Since the middle of the 1990s, growing quantities of raw (unannotated) linguistic data have been accessible due to the expansion of the web, which began in the 2000s. Therefore, researchers have been concentrating their efforts more and more on semi-supervised and unsupervised learning methods. These kinds of algorithms are able to learn from data that has not been hand-annotated with the answers that are required, or they can learn using a mix of data that has been annotated and data that has not been annotated. This job is often far more challenging than supervised learning, and it typically gives outcomes that are less accurate for a given quantity of input data. However, there is a vast amount of data that is not annotated and is readily available. This data includes, among other things, the entirety of the content on the World Wide Web. This data, when combined with an algorithm that has a low enough time complexity to be practical, can frequently compensate for less than ideal results.

In the 2010s, representation learning and other machine learning techniques modeled after deep neural networks become more prevalent in the field of natural language processing. This popularity was in part caused by a rush of studies proving that such strategies were successful.

In the early days of computer technology, many language processing systems were developed using symbolic approaches. This included the manual coding of a set of rules, which was then combined with a dictionary search. For example, grammars were written, and heuristic rules for stemming were developed.

Recent systems that are based on machine learning algorithms offer several benefits over manually written rules because of these advantages:

While the learning processes that are used during machine learning automatically concentrate on the most common scenarios, while developing rules by hand it is sometimes not at all evident where the effort should be directed. The learning procedures that are utilized during machine learning.

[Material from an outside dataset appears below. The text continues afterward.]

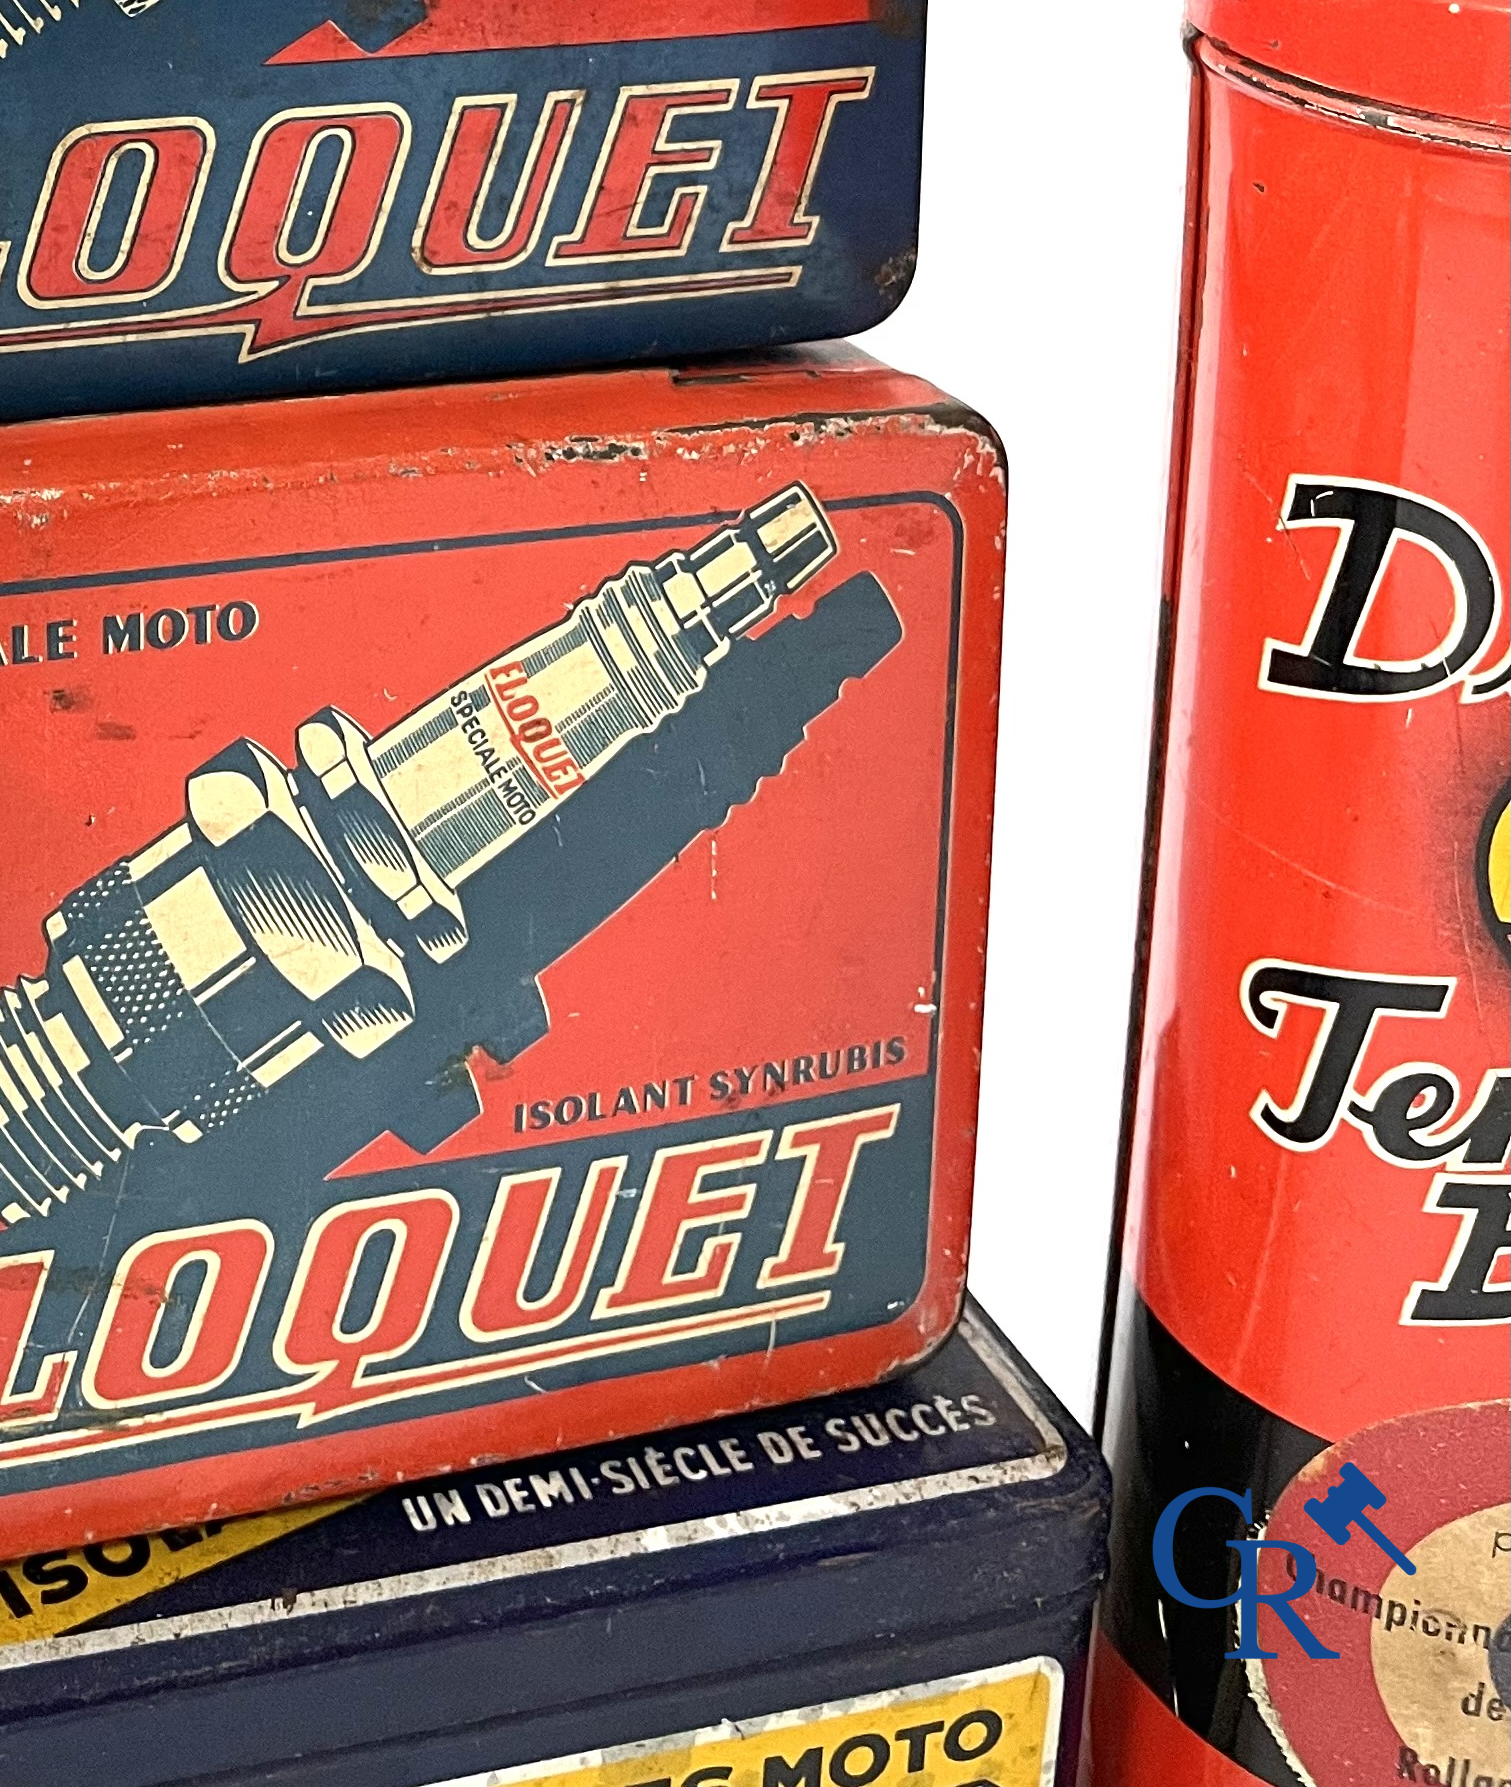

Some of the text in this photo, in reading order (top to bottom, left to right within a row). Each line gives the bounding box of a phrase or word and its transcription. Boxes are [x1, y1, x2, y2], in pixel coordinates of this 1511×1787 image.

Automatic learning procedures can make use of statistical inference algorithms to produce models that are robust to unfamiliar input (for example, containing words or structures that have not been seen before) as well as to erroneous input. This type of model can be used in a variety of applications, including machine learning, deep learning, and natural language processing (e.g. with misspelled words or words accidentally omitted). Handling such information gracefully using handwritten rules or, more broadly, constructing systems of handwritten rules that make soft judgments is exceptionally challenging, fraught with the possibility of making mistakes, and time-consuming.

Systems that are designed to automatically learn the rules may have their accuracy improved by simply providing additional input data to the system. However, the only way to improve the accuracy of systems that are based on handwritten rules is to make the rules themselves more complicated, which is a process that is far more challenging. In particular, the complexity of systems that are built on handwritten rules has a limit, and once that limit is exceeded, the systems become more difficult to administer. Nevertheless, producing additional data for use by machine-learning systems necessitates nothing more than a proportional increase in the number of man-hours put in, and this can typically be accomplished without significantly increasing the level of complexity associated with the annotation process.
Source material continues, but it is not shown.